- Developer: Metadream
- Initial release: January 17, 2023; 3 years ago
- Operating system: iOS, Android
- Website: bondee.net

= Bondee =

Singaporean mobile app

Bondee was a virtual avatar social networking app developed by Singapore-based tech firm Metadream. It was a platform for connecting and interacting with others by using a personalized figure-style avatar. Launched in January 2023, the app quickly gained popularity in Asia and topped App Store charts in several countries.

As of March 31st, 2026, Metadream has shut down the Bondee app on both the Google Play Store and the Apple App Store. Prior to discontinuation, the app was removed from app stores on March 4th, and primary features on the app were unavailable in preparation for the app’s deletion.

== History and development ==
Metadream, an independent Singapore-based tech company, acquired the intellectual property (IP) rights for True.ly in May 2022. It was founded by investors from the United States and Australia, with research and development (R&D) and operational bases in Japan and South Korea, as well as data centers in Singapore, Japan, and the US, to ensure product safety and meet data security requirements. The company plans to establish regional operation centers in additional countries (such as Thailand and the Philippines) to serve local users. On November 15, 2022, it was announced that information technology (IT) startup company, Metadream, would launch Bondee, a figure-style avatar messenger application. The virtual avatar application was then officially launched on January 17, 2023.

== Features ==
Bondee is a messenger application that allows users to send and receive messages from friends and acquaintances, "express their current mood, condition, situation," or others through a "figure-style" avatar, and "exhibit" it to the other person using the app. It is available on operating systems such as iOS 13.0 and above and Android 8.0 and up versions. Upon opening the app, users would be able to customize their personal "3D virtual" self from a "wide selection" of avatars, hairstyles, clothing, shoes, and accessories; then, they would be redirected to create a virtual space or home with pieces of furniture, fixtures, and fittings. Users can also participate in "virtual" activities such as camping, swinging, dancing, sailing, visiting each other's rooms with friends, and leaving notes.

== Reception ==
Bondee topped App Store charts in multiple countries and had over five million downloads on Google Play, "record-breaking" seven months faster than Instagram. Since its launch in January 2023, it has gained large popularity in Asia.
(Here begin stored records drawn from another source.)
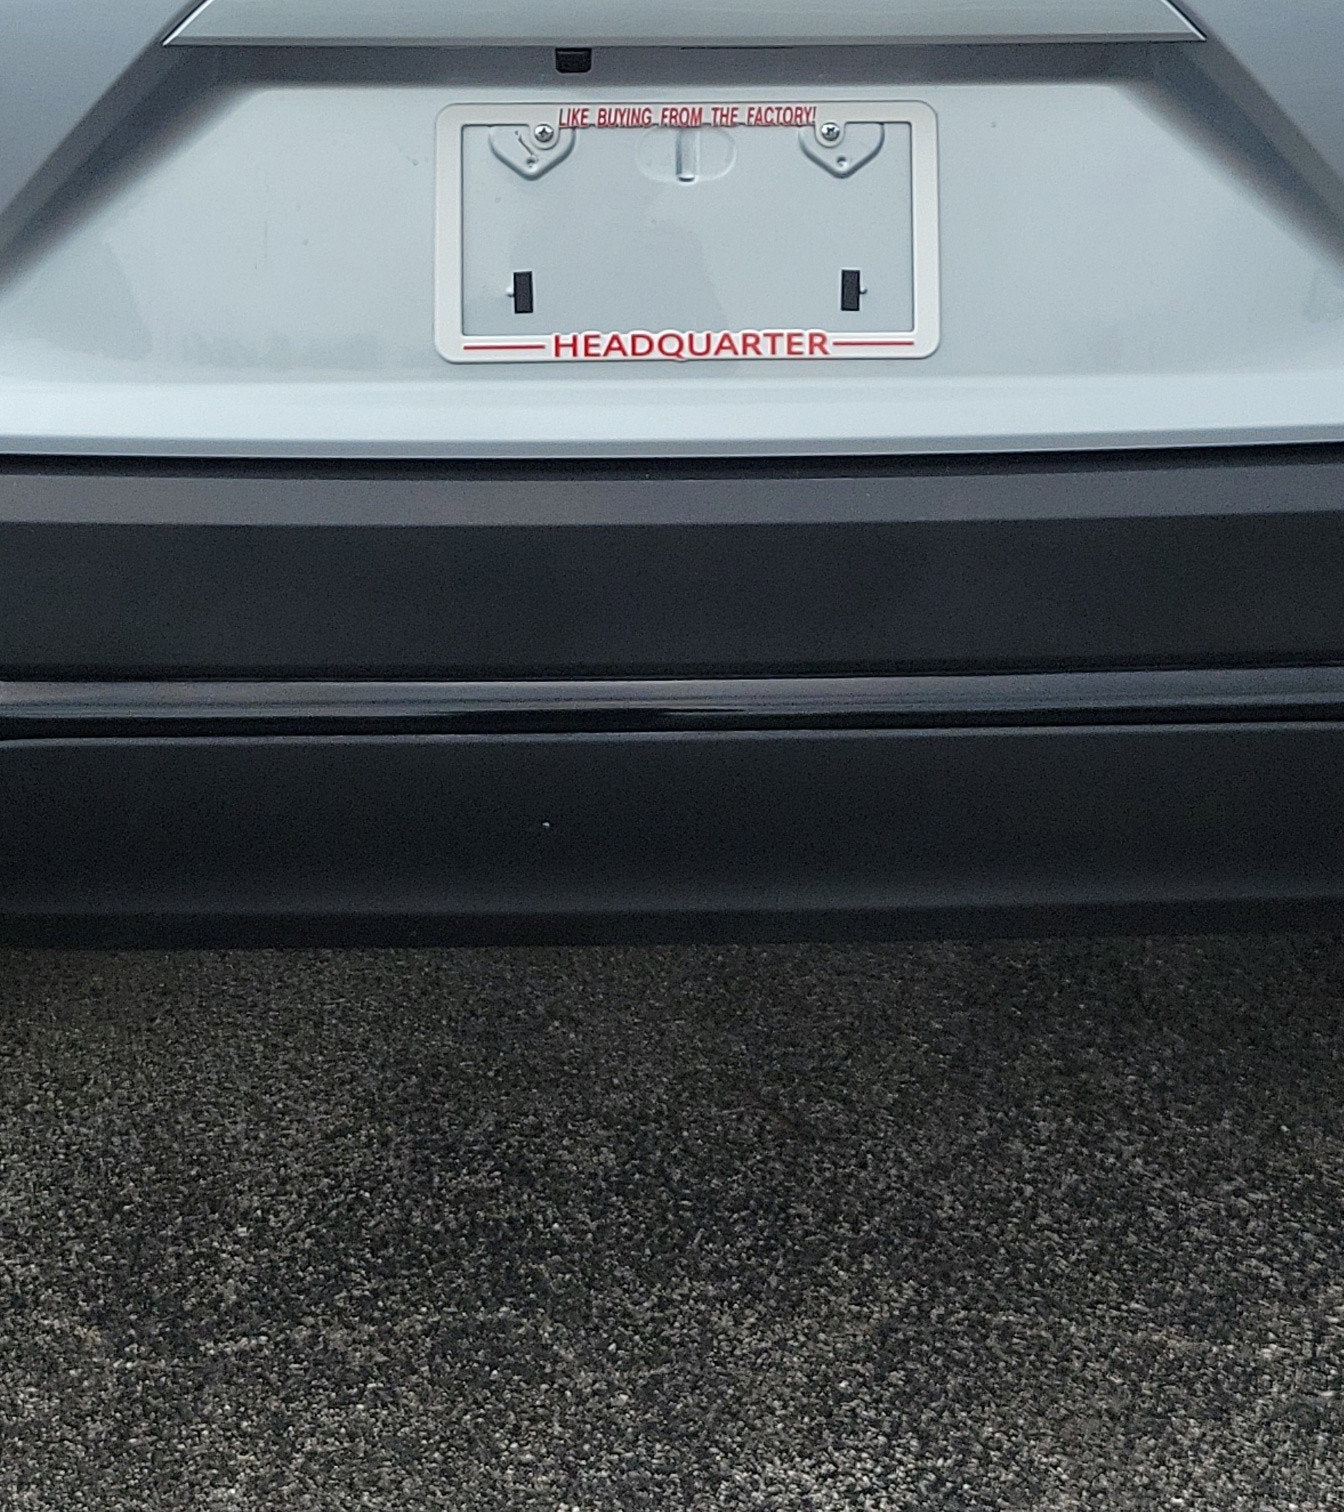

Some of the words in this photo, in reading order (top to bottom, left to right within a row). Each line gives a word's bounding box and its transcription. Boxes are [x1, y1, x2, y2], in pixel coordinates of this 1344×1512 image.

[558, 108, 589, 126] LIKE
[597, 108, 652, 126] BUYING
[661, 107, 702, 126] FROM
[712, 107, 738, 125] THE
[747, 107, 817, 125] FACTORY!
[553, 331, 829, 359] HEADQUARTER
The application's graphics are 3D and customizable, allowing users to exhibit and pick their choices. Its interface was also compared to Animal Crossing, Habbo Hotel, and The Sims for the game's functions. It also received mixed to positive reactions wherein the game was said to be "lacking in some features" regarding the ability to play games with friends.

==Controversy==
In late January 2023, Singapore-based social networking app Bondee faced allegations of unauthorized credit card transactions. Users shared screenshots online, claiming their bank accounts had been charged without consent. Bondee's parent company refuted these claims, stating that the app does not collect users' financial information. Cybersecurity experts noted that Bondee appears to be safe, as it does not request permissions beyond its scope.